Капитан вспомнил и, видно, был так горд этим доказательством своей хорошей памяти, что несколько минут словно дирижировал какой-то весьма бурной симфонией. Штурман помнил тоже, но ограничился кивком: перед его мокрыми от слез голубыми глазами по-прежнему стояла картина семейной трагедии в Риге. Старший механик никак не мог припомнить Микорского и с настоящей тоской повторял его фамилию на все лады, начиная от высокого дисканта и кончая отчаянным басом.
— Я ему устроил два-три дельца в те времена, когда у меня были кое-какие связи, — продолжал мистер Голспи. — И кутили мы с ним как-то вместе несколько ночей. Вот с месяц тому назад встречаю я этого Микорского, и он говорит, что едет сейчас за город к своему родственнику, предлагает ехать с ним. Делать мне как раз было нечего, я и поехал. Была адская жара, и к тому же меня там чуть до смерти не заели комары. У этого родственника Микорского собственная фабрика мебели, и он изобрел новый способ отделки фанеры и наборки: машину и все прочее, что нужно для этого. А в тех местах рабочие руки очень дешевы. Я расспросил, куда они отправляют весь свой товар. Отвечают, что у них заказы из Германии, и Чехословакии, и Австрии, а бывает, что и для Парижа. Я спрашиваю: «Ну, а во сколько ваш товар обойдется с доставкой в Лондон?» Они мне показали расценки, и я увидел, что дело это подходящее, но им об этом и словом не обмолвился. Уехал и навел кое-какие справки. Узнал, сколько платят за этот товар в Бетнел-Грин и Хокстоне, одним словом — во всех тех местах Лондона, где изготовляется мебель…
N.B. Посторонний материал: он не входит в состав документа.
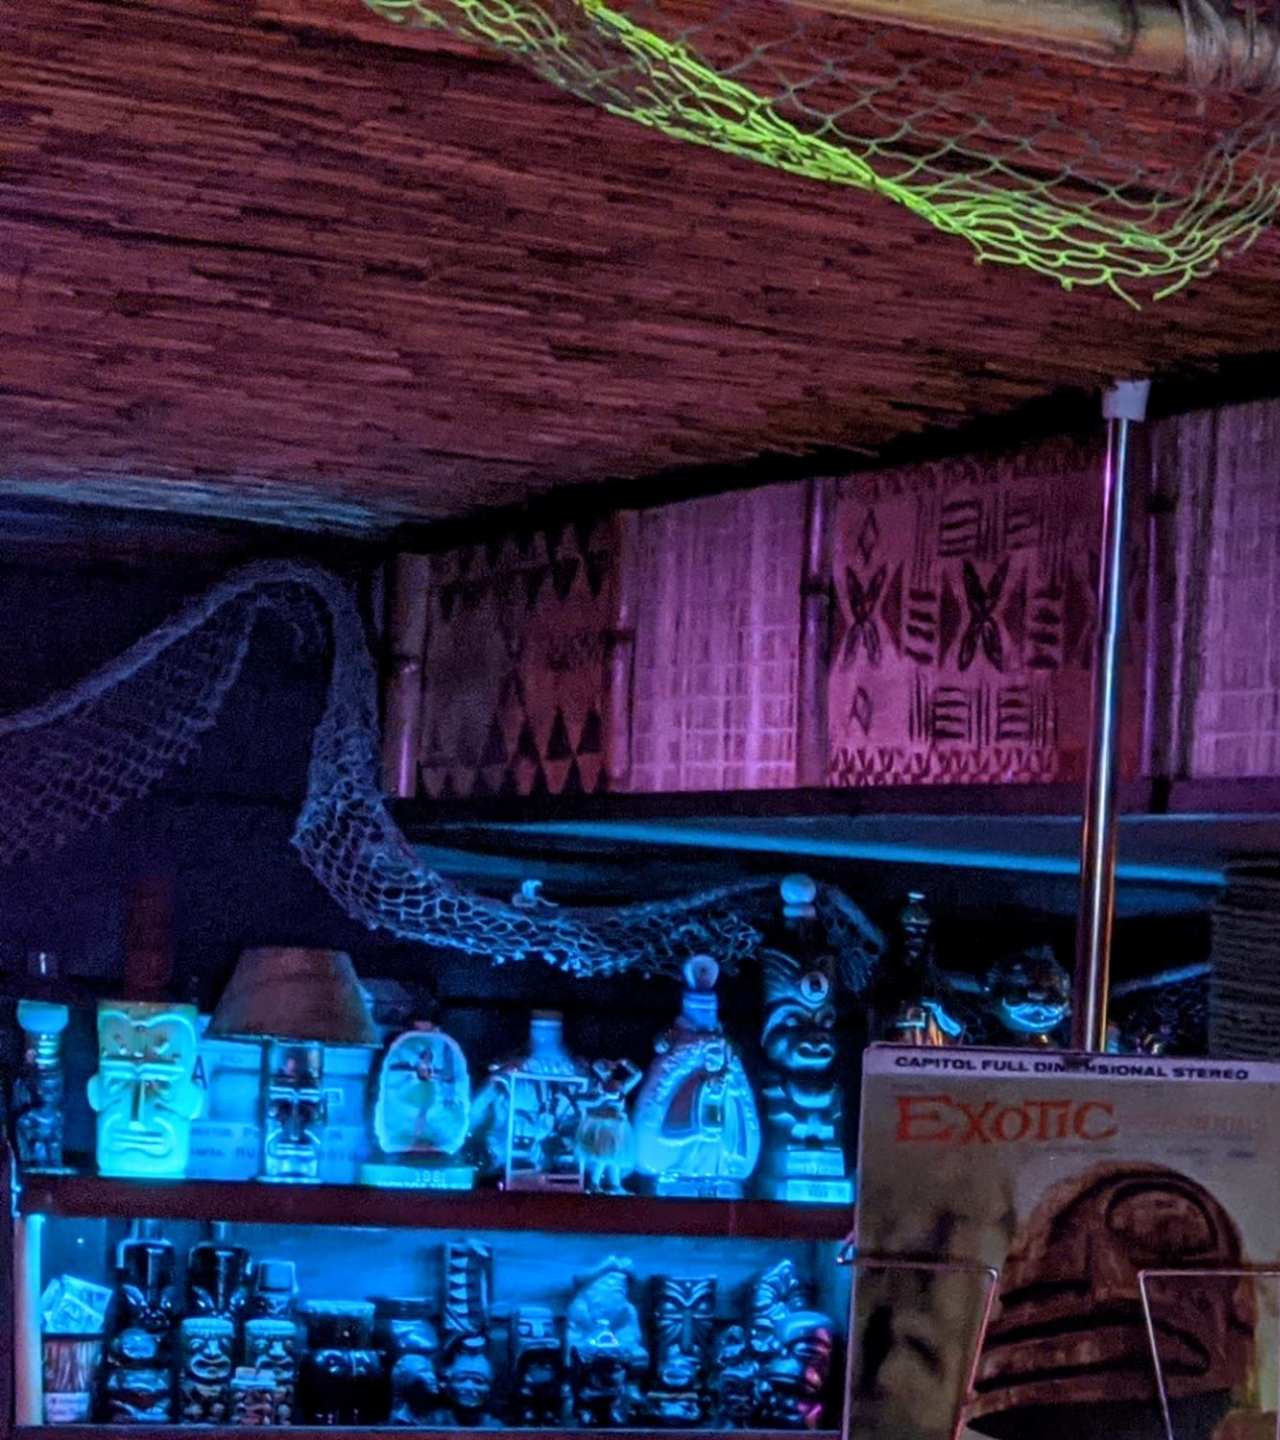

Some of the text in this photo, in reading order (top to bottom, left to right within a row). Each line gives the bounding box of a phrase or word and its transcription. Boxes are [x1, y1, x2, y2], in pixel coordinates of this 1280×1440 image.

[895, 1056, 976, 1070] CAPITOL
[981, 1060, 1028, 1072] FULL
[1172, 1067, 1249, 1080] STEREO
— Бетнел-Грин, да, да, — подтвердил с гордостью старший механик. — Там работал мой дядя Стефан. Да, да, старик Стефан работал в Бетнел-Грин. — И после меланхолического размышления добавил: — Он социалист.
— Вот как! — прогудел мистеру Голспи со свойственным ему грубоватым добродушием. — Ну что ж, Бог с ним, пускай себе будет социалист. Слушайте дальше. Оказалось, что в Лондоне за такую же фанеру и наборку, ничуть не лучше, платят вдвое дороже. Что вы на это скажете, а? Как будто нельзя выписывать ее оттуда, где она стоит гроши! Ничего не видят у себя под носом. Неповоротливый народ здешние коммерсанты. «Ну вот, это для меня дело, тут можно заработать», — подумал я и опять съездил к этому родственнику Микорского. Я хотел узнать, сколько фанеры и всего прочего они могут мне отпускать ежемесячно, какие у них сорта и цены. Они мне все рассказали и дали гарантию. Сделку мы, как водится, спрыснули, и я уехал с контрактом в кармане. Так и написали — что они обязуются отпустить мне столько-то товара одного сорта и столько-то другого, когда бы я ни потребовал, и что я — их единственный представитель в Англии.